For all of the times we laughed at the dinnertime eww/yucks, even the times I actually thought it of the things that were on the menu, I’m grateful the idea didn’t stick. I can experience something and decide ok, that’s not for me without the compulsion to tell others it shouldn’t be for them either simply because I don’t like it. All of this to say, I recognize and appreciate we are each different. From what we like to eat, to how we like to look, to who we spend our time with (or don’t) and how, to the choices we make for ourselves, big and small. No amount of eww/yuck attitude from anyone should deter us from being who we are and enjoying the hell out of the time we’ve got, no matter what’s on the menu.
ABOUT THE AUTHOR:
Kitchie Ohh is a full-time professional fundraiser who has worked with a number of health and human services nonprofits in the Philadelphia area over the last 20 years. She found her passion for modeling after a pinup-style photoshoot in 2013. Since then, she has worked with many talented photographers, stylists, hair and makeup artists in a variety of styles. She has been featured in- and on the covers of – multiple print and digital publications. Over the years, she has branched out from pinup studio modeling to serve as a figure model for live sketching, walked a runway, and was part of two campaigns for Philadelphia designer K. Vaughn.
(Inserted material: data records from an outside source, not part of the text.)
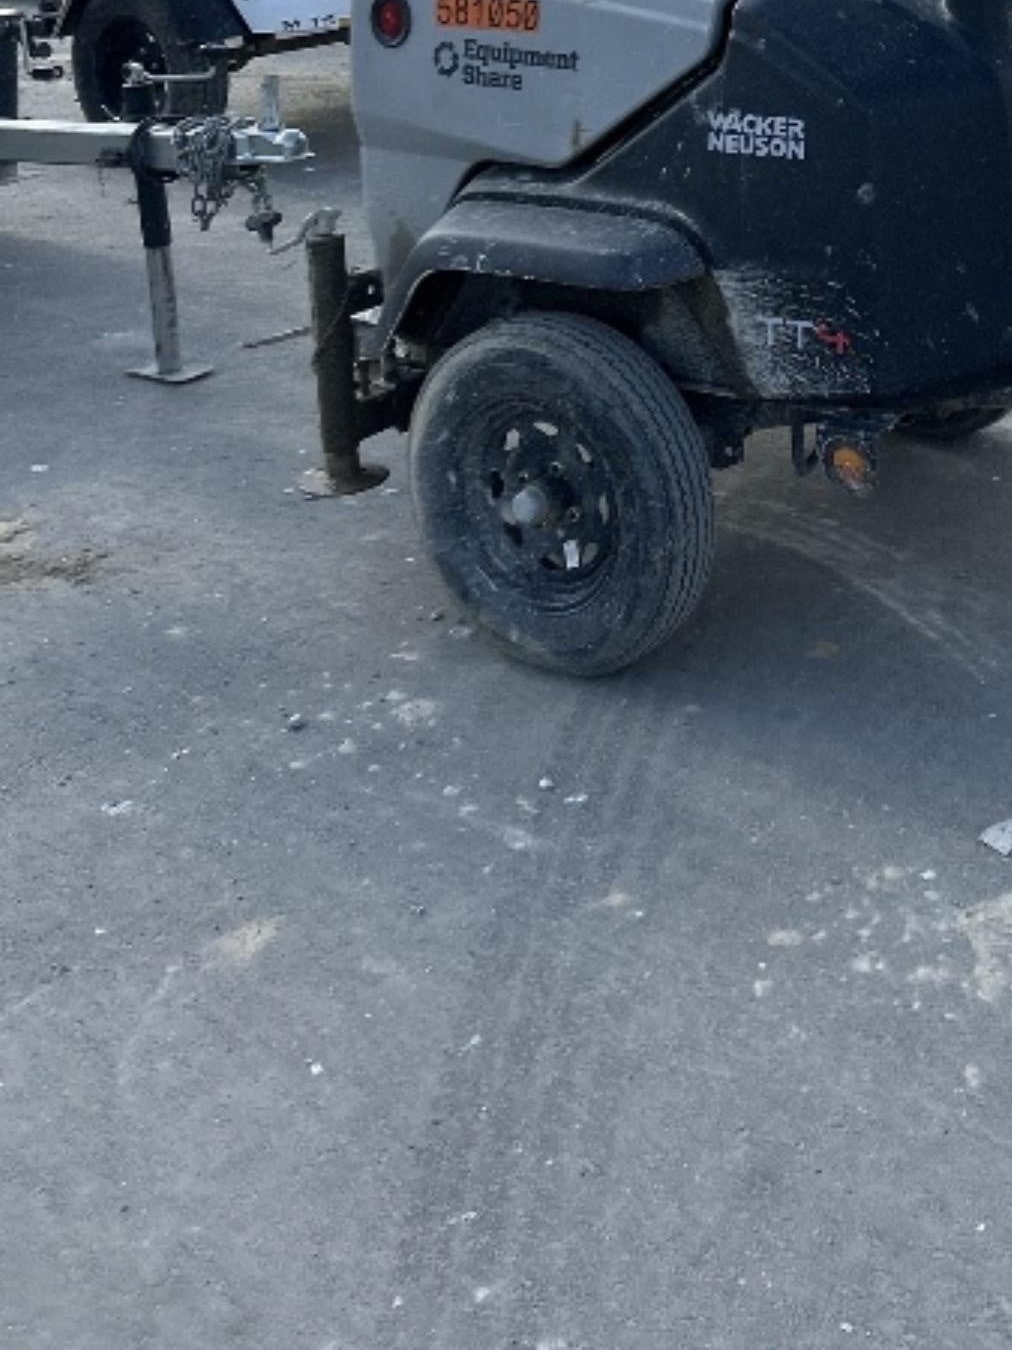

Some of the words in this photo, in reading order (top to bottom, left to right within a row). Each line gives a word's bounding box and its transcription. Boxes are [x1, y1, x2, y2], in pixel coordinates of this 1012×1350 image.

[463, 38, 578, 70] Equipment
[462, 64, 522, 90] Share
[708, 110, 805, 138] WACKER
[708, 131, 805, 160] NEUSON
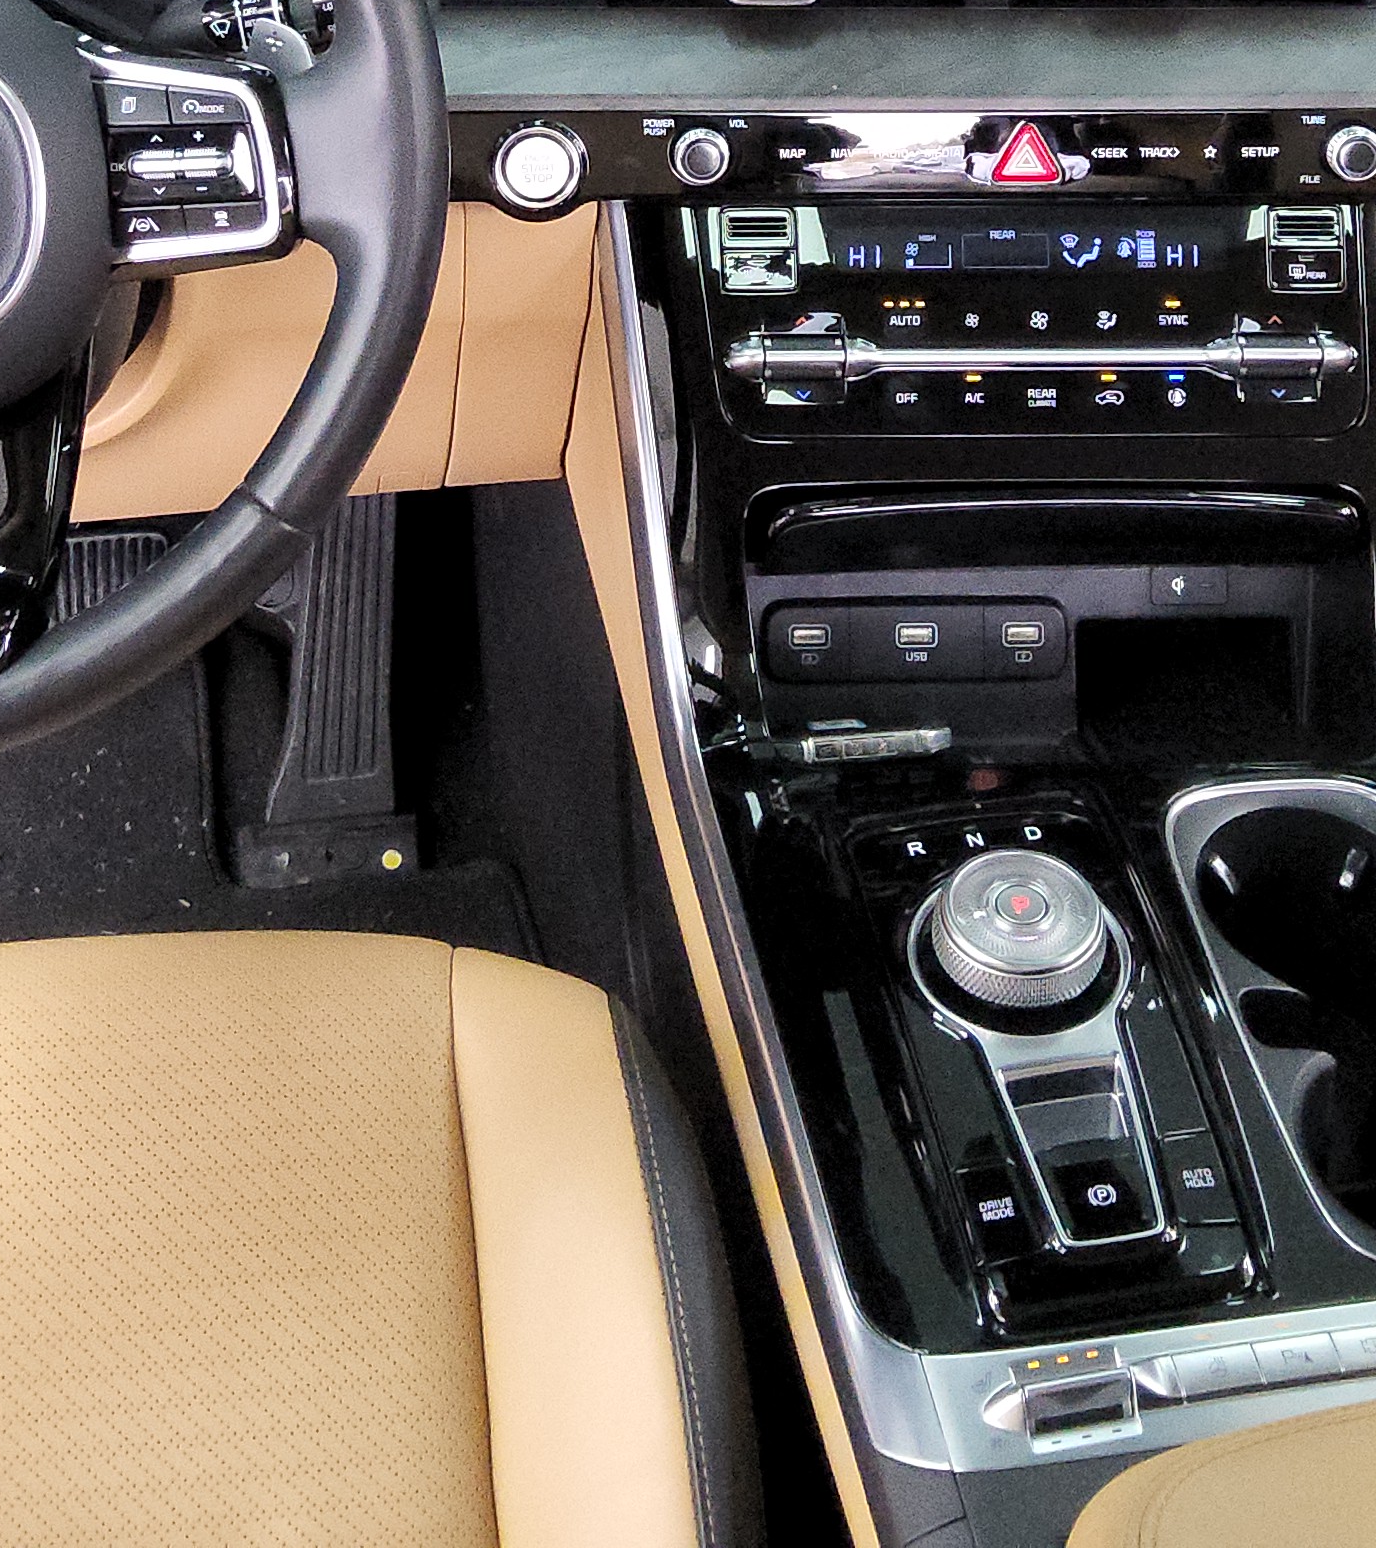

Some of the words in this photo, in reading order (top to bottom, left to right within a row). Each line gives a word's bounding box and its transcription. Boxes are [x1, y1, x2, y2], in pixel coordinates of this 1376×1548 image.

[643, 119, 675, 128] POWER
[728, 118, 749, 129] VOL
[778, 148, 807, 160] MAP
[1240, 146, 1280, 159] SETUP
[524, 173, 553, 183] STOP
[988, 229, 1016, 240] REAR
[889, 314, 921, 326] AUTO
[1158, 314, 1189, 326] SYNC
[895, 392, 919, 404] OFF
[964, 392, 985, 404] A/C
[1027, 389, 1056, 398] REAR
[905, 651, 928, 662] USB
[1023, 825, 1043, 841] D
[965, 832, 985, 848] N
[906, 841, 927, 857] R
[1182, 1168, 1212, 1180] AUTO
[979, 1197, 1013, 1213] DRIVE
[982, 1207, 1015, 1222] MODE
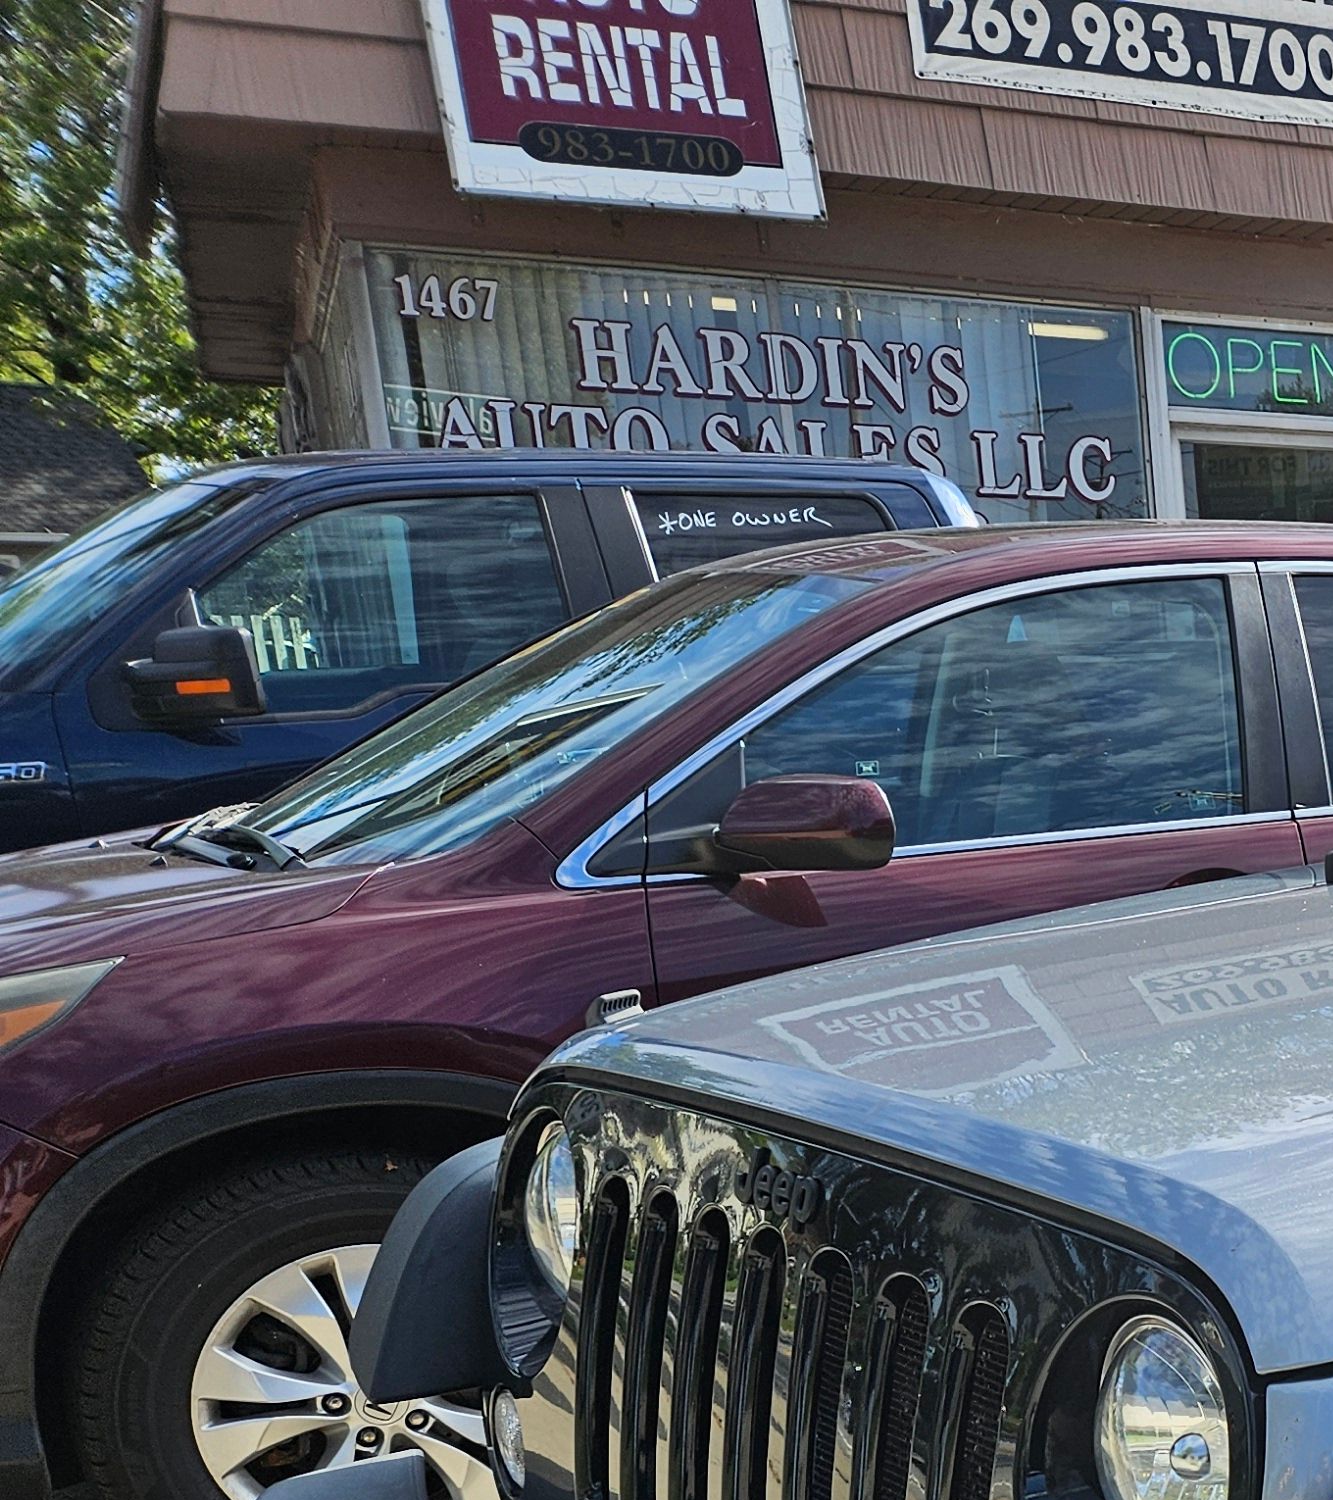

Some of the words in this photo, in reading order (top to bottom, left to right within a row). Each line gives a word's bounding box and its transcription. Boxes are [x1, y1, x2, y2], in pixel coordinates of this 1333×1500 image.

In addition to her philanthropy-focused career, she has volunteered with art, historical, and community organizations, and even the events team of a local brewery for a while, pre-pandemic.
You’re just as likely to find her whipping up something deliciously plant-based in her kitchen or knitting a sweater as you are to find her on a photography set. Her motto is “be both.” The model and the homemaker, sultry and sweet, serious and silly. All the things, all at once.